The policy statement recommends institutions prevent patients from becoming unrepresented in the first place by offering advance care planning. Conduct thorough capacity assessments and search for potential surrogates before assuming patients are unrepresented.
When making medical decisions, seek input from a diverse multidisciplinary committee as opposed to ad hoc decisions made by individual clinicians. Factor in everything that is known on the patient’s preferences and values when making decisions. Finally, use a fair process that comports with procedural due process, even when state requirements are less stringent.
Pope says ethicists should use this policy statement to benchmark their own institutional policies. These are important questions:
- How carefully does the hospital assess capacity?
- How hard does the hospital search for potential surrogates?
- How diligently does the hospital offer advance care planning?
The fairness of the decision-making process also should be scrutinized. “For example, can the attending authorize her own treatment plan?” Pope asks. “Or must there be vetting through a multiprofessional committee?”
There is a perceived lack of consensus on the best way to make decisions for unrepresented patients, says co-author Mark D. Siegel, MD. Clinicians struggled on whether to offer CPR, intubation, or mechanical ventilation. “Many critically ill patients can’t make decisions on their own behalf for a variety of reasons, including sedation, delirium, and chronic neurocognitive and psychiatric disorders,” says Siegel, director of Yale’s internal medicine traditional residency program.
When patients have a surrogate decision-maker, such as a spouse or other family member, the ICU team can turn to that person to make decisions on the patient’s behalf.

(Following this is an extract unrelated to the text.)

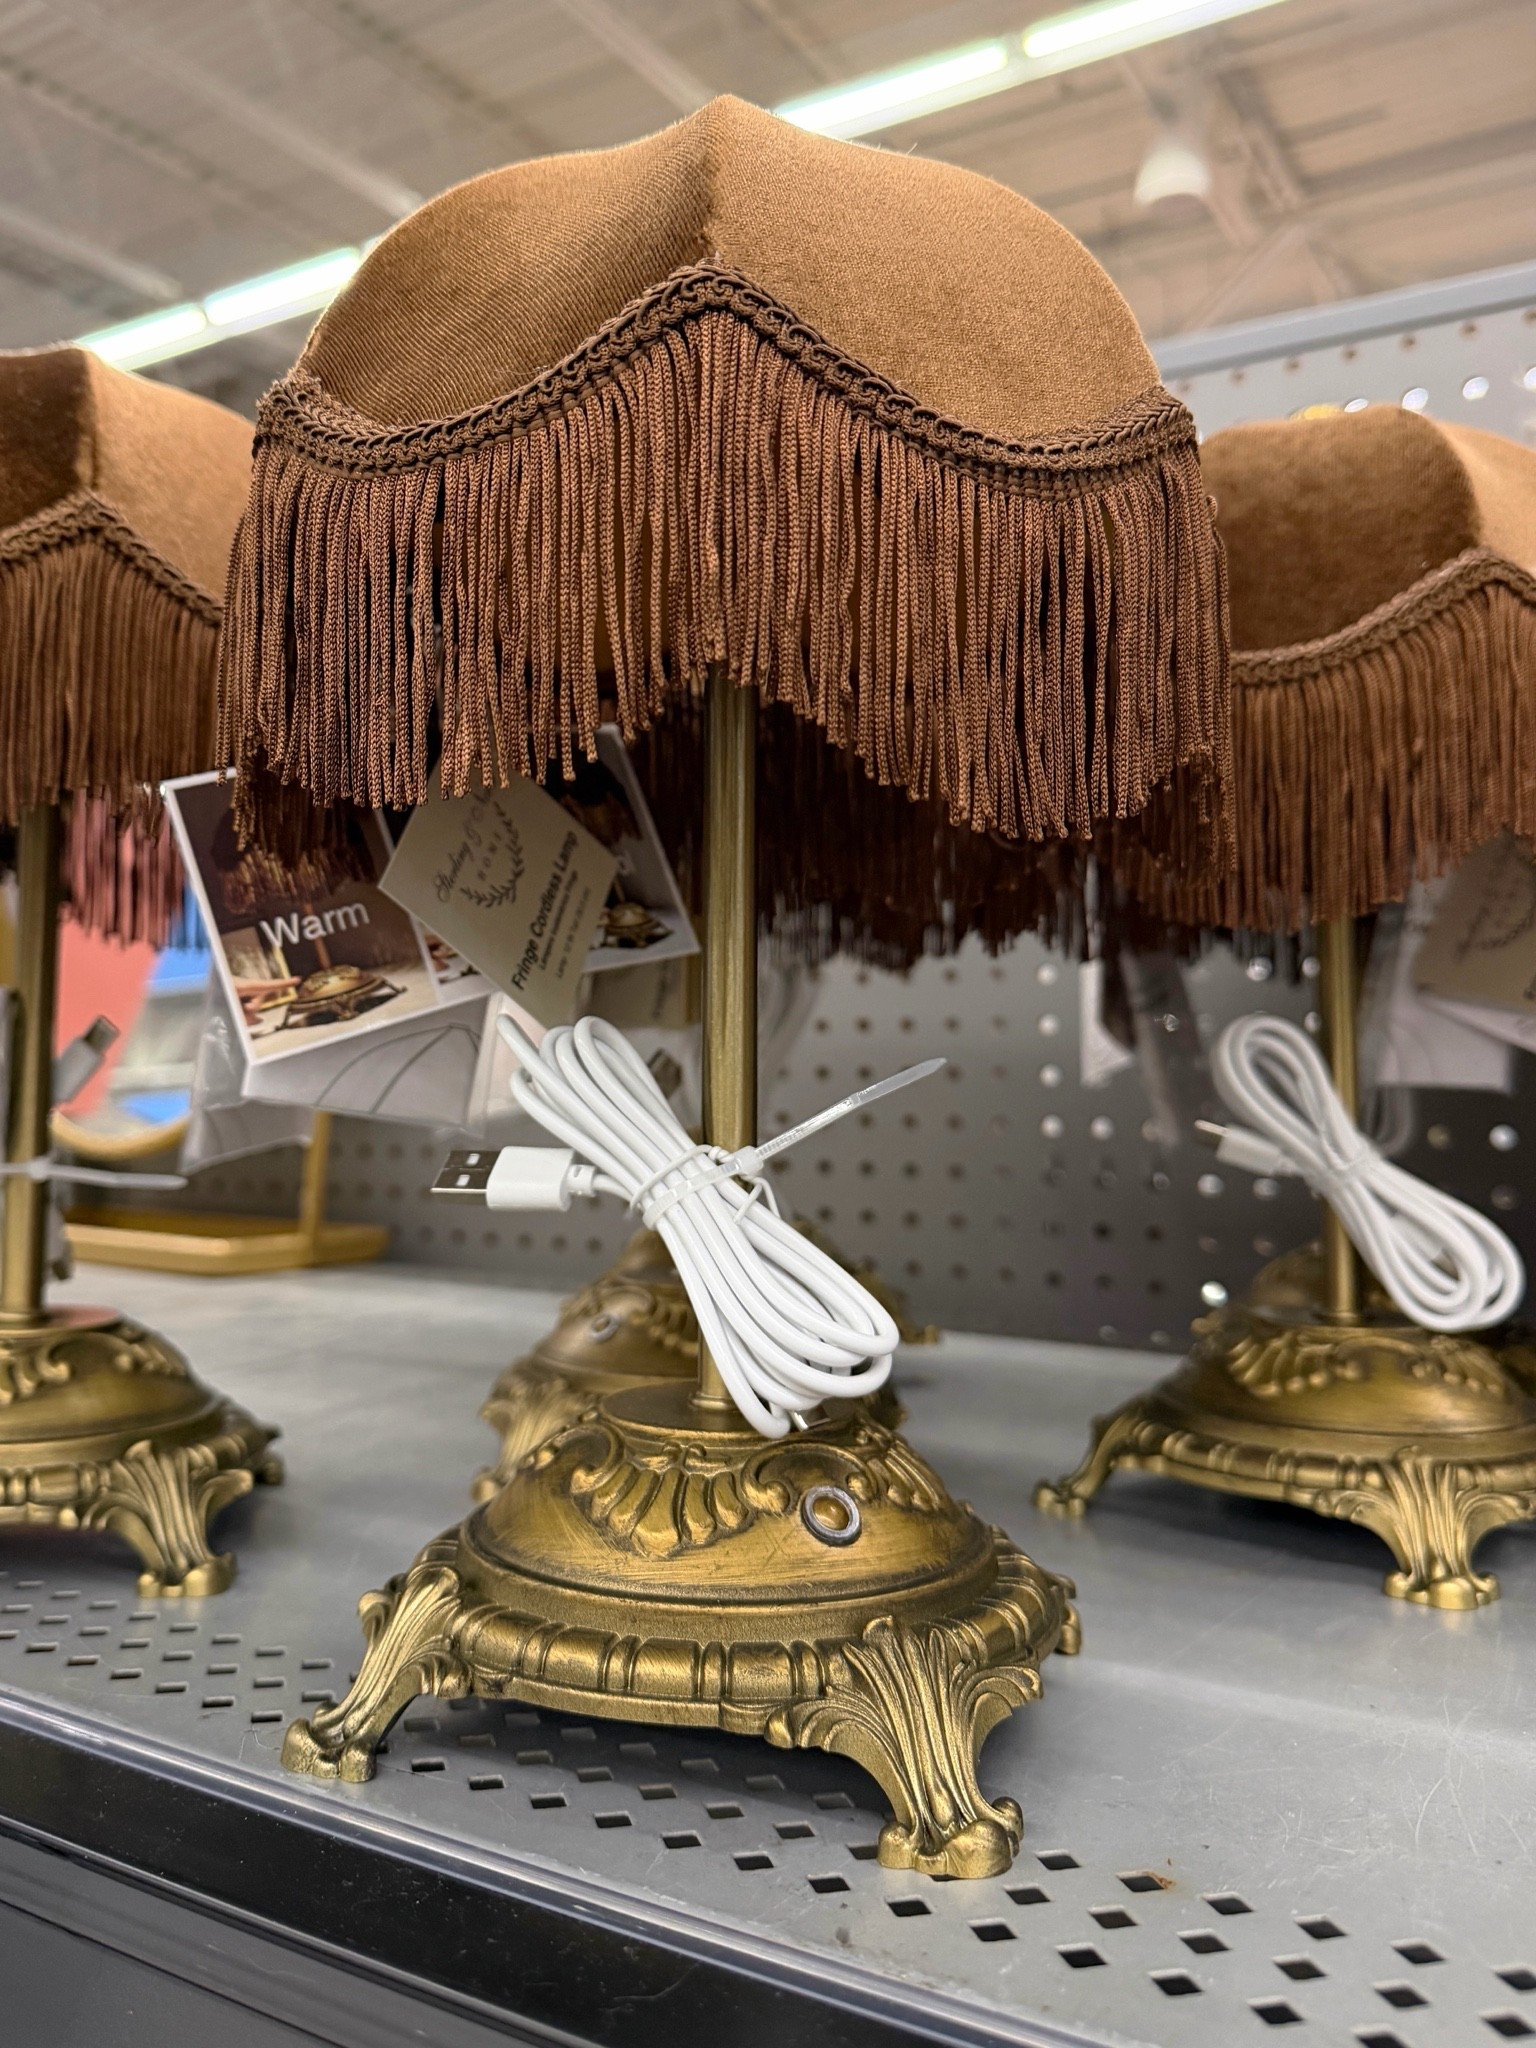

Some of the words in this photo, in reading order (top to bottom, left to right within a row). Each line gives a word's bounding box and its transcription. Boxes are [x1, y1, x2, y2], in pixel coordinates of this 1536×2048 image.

“But this option is not available for unrepresented patients, who are, by definition, vulnerable because they are ill and have no one to represent their wishes,” Siegel cautions.
The policy authors wanted to provide ICU clinicians with guidance on how to handle these difficult cases. “We clinicians are obliged to respect patient’s preferences when we make clinical decisions,” Siegel notes. “In general, this respect for autonomy takes precedence over other ethical considerations.”
Patients’ preferences supersede clinicians’ assumptions about which treatments are in the patient’s best interest (e.g., whether a patient should be resuscitated if he or she suffers a cardiac arrest). “Unfortunately, if the patient can’t exercise autonomy and has no surrogate to represent them, the concern would be that respect for the patient’s preferences will not be prioritized as it would when surrogates are available,” Siegel explains.
This means patients might receive treatments they never would have chosen. “This concern could become additionally problematic in populations that are already vulnerable,” Siegel warns.
This includes the homeless, the uninsured, and those belonging to racial and ethnic groups that have historically suffered from discrimination. The policy statement recommends ensuring a diligent search is made to find potential surrogates, assembling multidisciplinary teams to ensure diverse input, and ensuring due process in decision-making.
“Just by creating a policy, I think we may be able to raise awareness that these patients require extra consideration when making ethically challenging decisions,” Siegel says.
REFERENCE
- Pope TM, Bennett J, Carson SS, et al. Making medical treatment decisions for unrepresented patients in the ICU: An official American Thoracic Society/American Geriatrics Society policy statement. Am J Respir Crit Care Med 2020;201:1182-1192.
A new policy statement recommends institutions prevent patients from becoming unrepresented in the first place by offering advance care planning. Conduct thorough capacity assessments and search for potential surrogates before assuming patients are unrepresented.